A “spike neuron” or “spiking neuron” can be represented as a conductive network based on temporal or time bias and differential equations or calculus which serves as a probabilistic methodology and apparatus to map and mimic the biological neuron.
One deficiency with the neural network in the related art is that as it is based on a vector space, a solution is ultimately not bivalent, is probabilistic, and hence is undecidable. (That bivalency is not a vector space is disclosed in Colin James III, Proof of Four Valued Bit Code (4vbc) as a Group, Ring, and Module, World Congress and School on Universal Logic III, Estoril, Portugal, 2010 (“James 2010”), herein incorporated by reference in its entirety for all purposes.)
Another deficiency is that an exclusive OR (XOR) function is sometimes mistakenly developed in a neural network to mimic a neuron. The logical XOR connective is orthogonal or effectively perpendicular as a mathematical operator.
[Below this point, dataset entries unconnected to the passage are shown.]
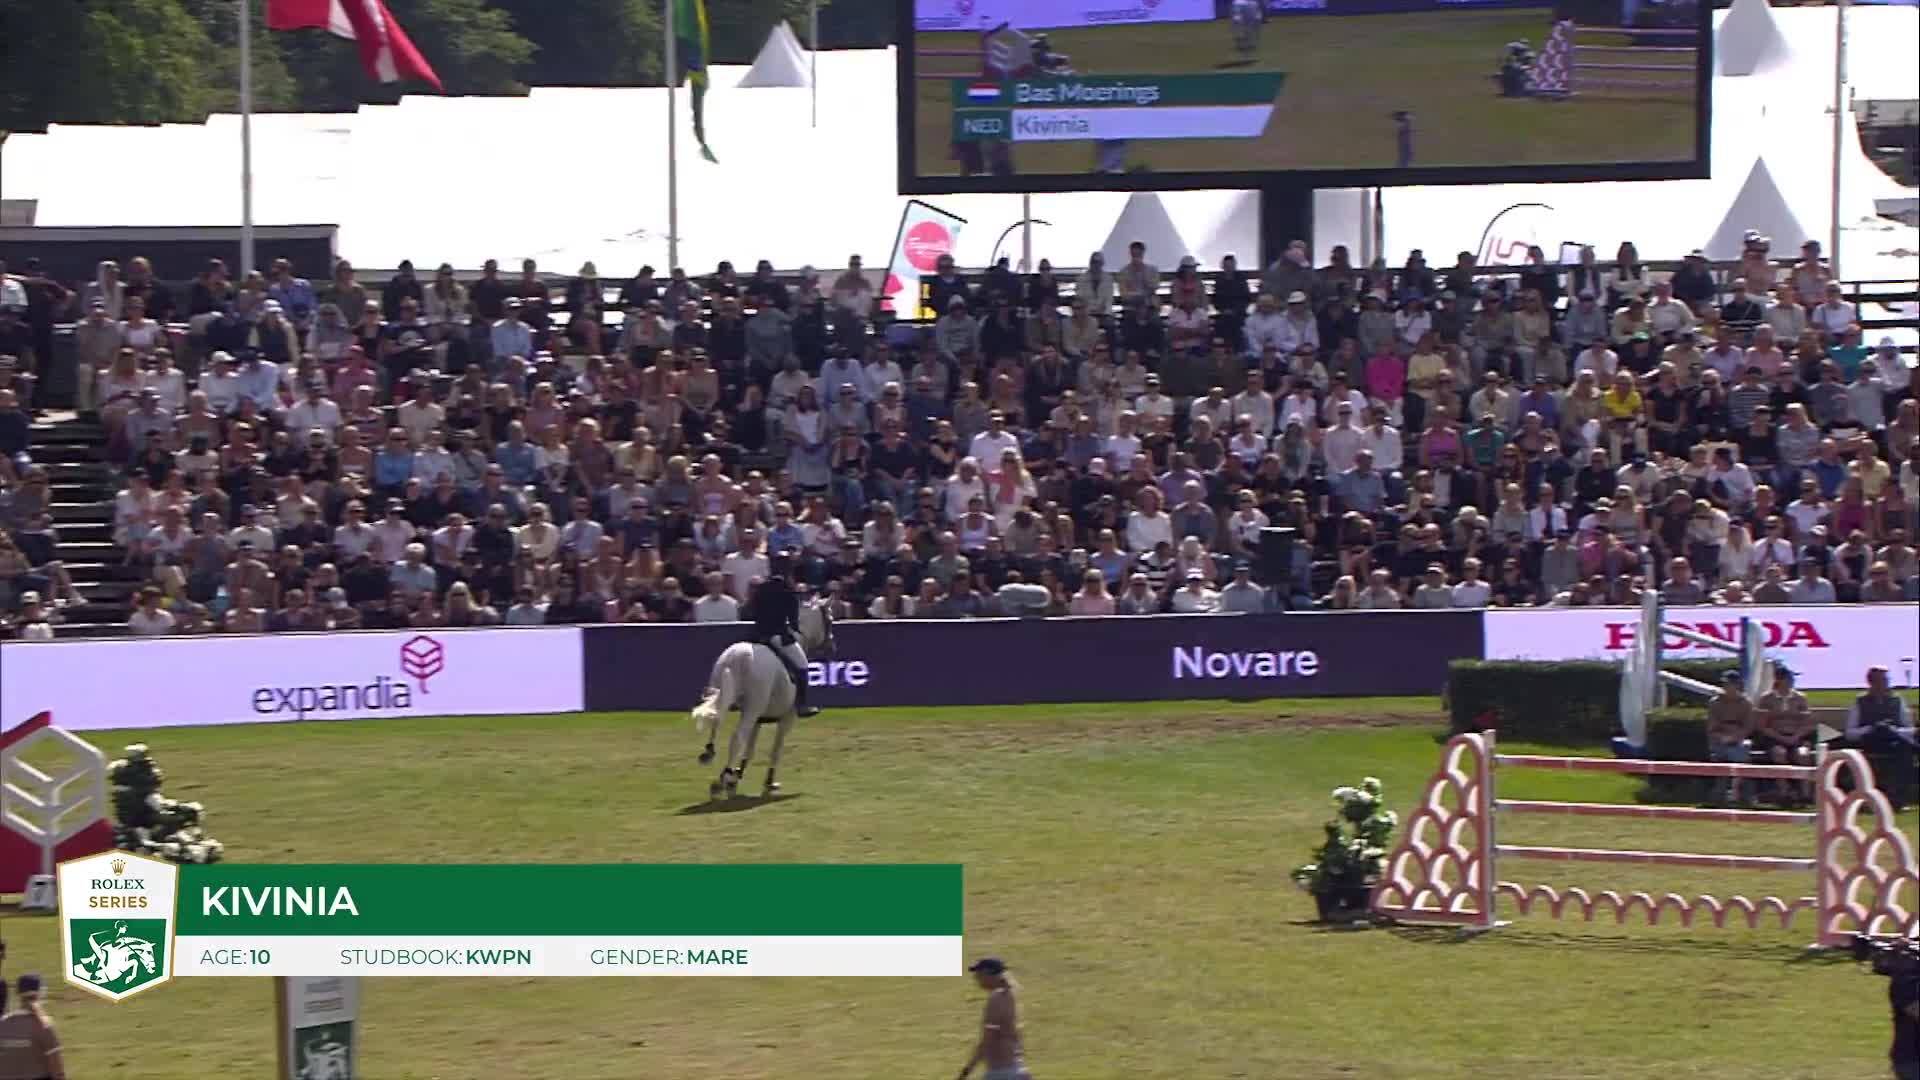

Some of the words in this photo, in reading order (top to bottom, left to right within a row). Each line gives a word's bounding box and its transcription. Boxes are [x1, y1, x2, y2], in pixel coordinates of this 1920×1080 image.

[1015, 83, 1055, 102] Bas
[963, 118, 1001, 133] NED
[1016, 115, 1090, 136] Kivinia
[807, 660, 869, 687] are
[1173, 646, 1319, 678] Novare
[253, 676, 412, 720] expandia
However, biological bodies are not rectilinear, but rather based on a phi or Phi ratio of (1±(5^0.5))/2, and meaning that there are no right angles (90-degree arcs) in biology per se. While the logical XOR connective may be constructed from the NOR or NAND logical connectives, there is no evidence that the XOR function is built into the neuron, or necessarily should be.
Yet another deficiency with the related art is that the perceptron and spike neuron can accept any input without discrimination.